YourABA July 2011 Masthead

Tips on navigating the ethical pitfalls of corporate internal investigations

Corporate employees interviewed in connection with internal investigations can pose significant ethical risks to corporate counsel, say Craig Margolis and Lindsey Vaala in “Charting a Clear Course in Corporate Internal Investigations,” their article from the winter 2011 edition of Proof , a publication of the Section of Litigation. “If the employee can demonstrate an objectively reasonable basis for asserting the existence of an attorney-client relationship with corporate counsel, that counsel could face the prospect of disqualification from the representation, further ethical sanction and resultant prejudice to the corporate client.”

Margolis and Vaala warn that advising a corporate employee about whether to obtain counsel may be considered legal advice.

To help lawyers navigate the potential ethical pitfalls inherent in conducting internal investigations for corporate clients, particularly in dealing with company employees, Margolis and Vaala offer seven tips:

Clearly identify the corporate client – Because a company’s legal interests may diverge from the interests of its employees and officers, Margolis and Vaala urge lawyers to make clear at the outset of the engagement that they represent only the company, as outlined in Model Rule 1.13. “A corporation can act only through its authorized constituents, such as officers, directors and employees, but the corporate counsel typically does not represent any of these individuals,” explain the authors.

Give an Upjohn warning – Before an interview with a corporate employee, lawyers should issue an “Upjohn” or “corporate Miranda” warning indicating that they are not the employee’s legal representative. This minimizes the risk of misunderstanding and decreases the chance that the employee will be able to demonstrate a basis for asserting that corporate counsel acted as her personal representative, advise Margolis and Vaala.

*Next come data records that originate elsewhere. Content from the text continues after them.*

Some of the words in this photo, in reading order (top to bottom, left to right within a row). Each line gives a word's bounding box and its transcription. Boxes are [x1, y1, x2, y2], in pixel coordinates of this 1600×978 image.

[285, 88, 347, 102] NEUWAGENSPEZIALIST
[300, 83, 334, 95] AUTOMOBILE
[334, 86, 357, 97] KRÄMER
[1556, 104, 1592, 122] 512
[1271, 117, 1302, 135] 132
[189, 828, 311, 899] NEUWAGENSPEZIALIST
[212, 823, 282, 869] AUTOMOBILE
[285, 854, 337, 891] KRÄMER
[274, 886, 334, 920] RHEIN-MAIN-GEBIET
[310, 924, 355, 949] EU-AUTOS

Put the Upjohn warning in writing – Margolis and Vaala suggest committing the warning in writing to produce a written waiver if the employee tries to claim a personal privilege to block the company’s disclosure of his interview to the government or other third party. The authors acknowledge that a formal written document may have a chilling effect on the employee’s candor with corporate counsel, and advise counsel to use their own discretion. Alternately, lawyers may consider using scripted verbal warnings. Regardless of method, “any pertinent details regarding the issuance of a warning should be memorialized in counsel’s notes.”

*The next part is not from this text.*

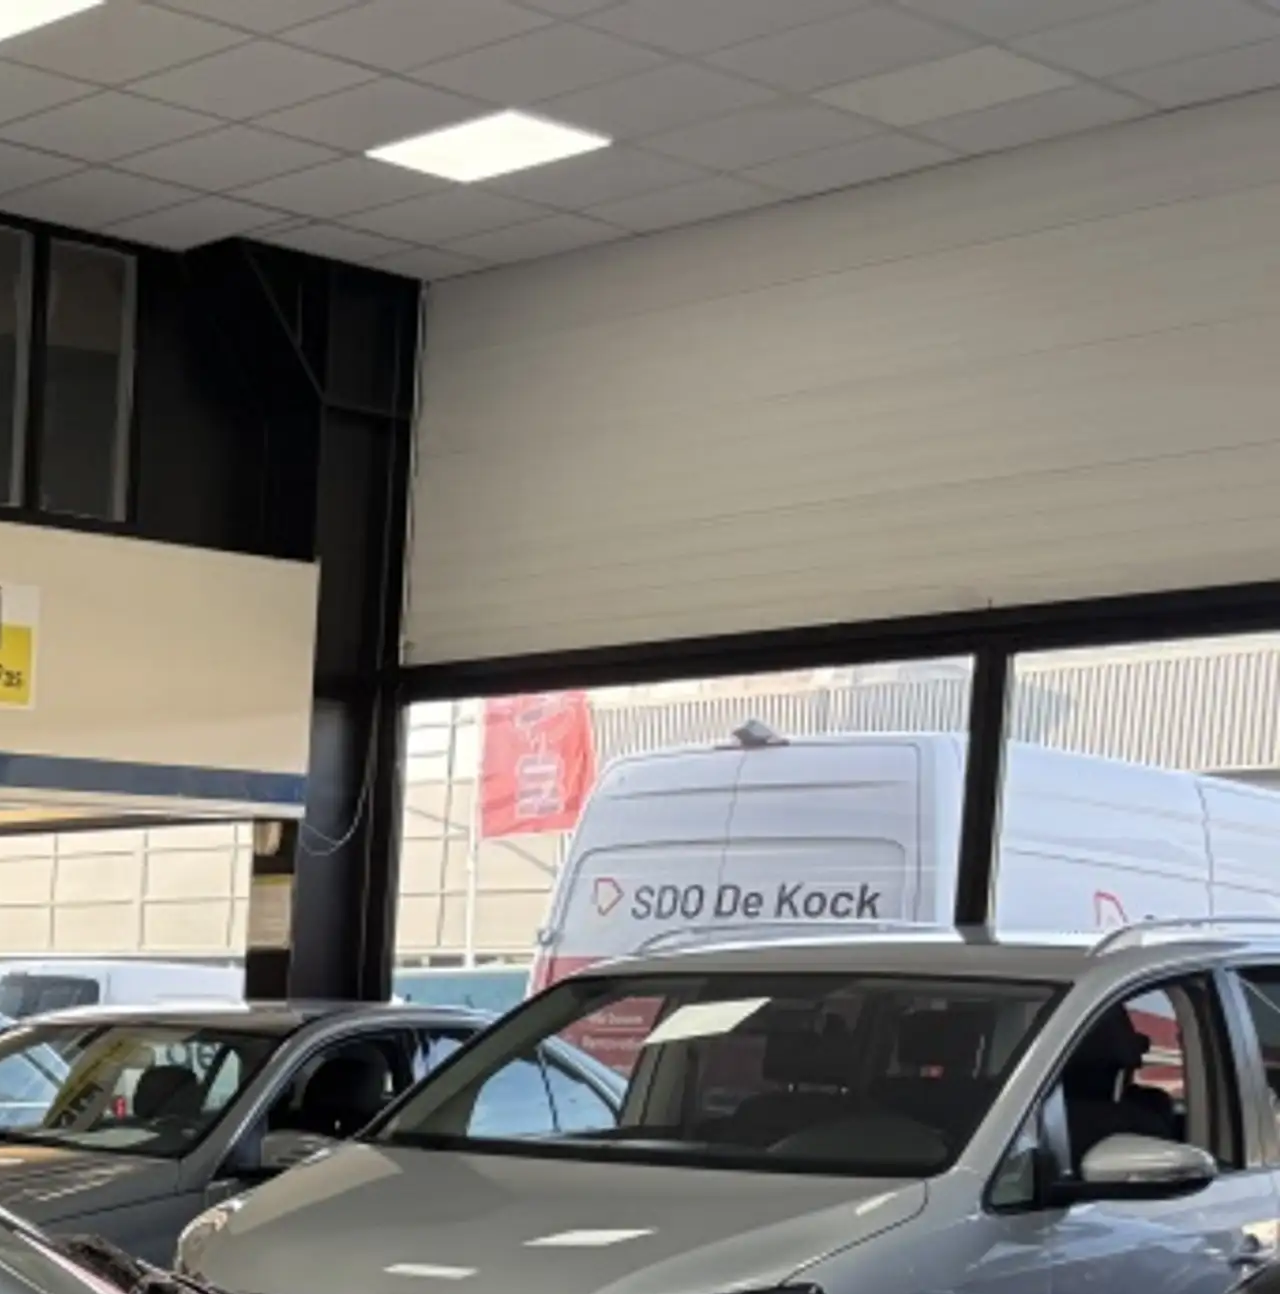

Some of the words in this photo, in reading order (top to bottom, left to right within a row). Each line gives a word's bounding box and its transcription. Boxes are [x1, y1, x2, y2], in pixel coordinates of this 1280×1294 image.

[631, 884, 705, 920] SDO
[713, 884, 764, 919] De
[774, 882, 881, 920] Kock

Don’t give the employee legal advice – After receiving the Upjohn waning, the employee may ask counsel if he should obtain legal representation. Margolis and Vaala warn that advising a corporate employee about whether to obtain counsel may be considered legal advice, creating a reasonable belief in the employee that counsel is acting as the employee’s attorney. It may be permissible to tell a witness to seek counsel, but corporate counsel should refrain from offering opinions that may constitute a limited form of representation, say the authors.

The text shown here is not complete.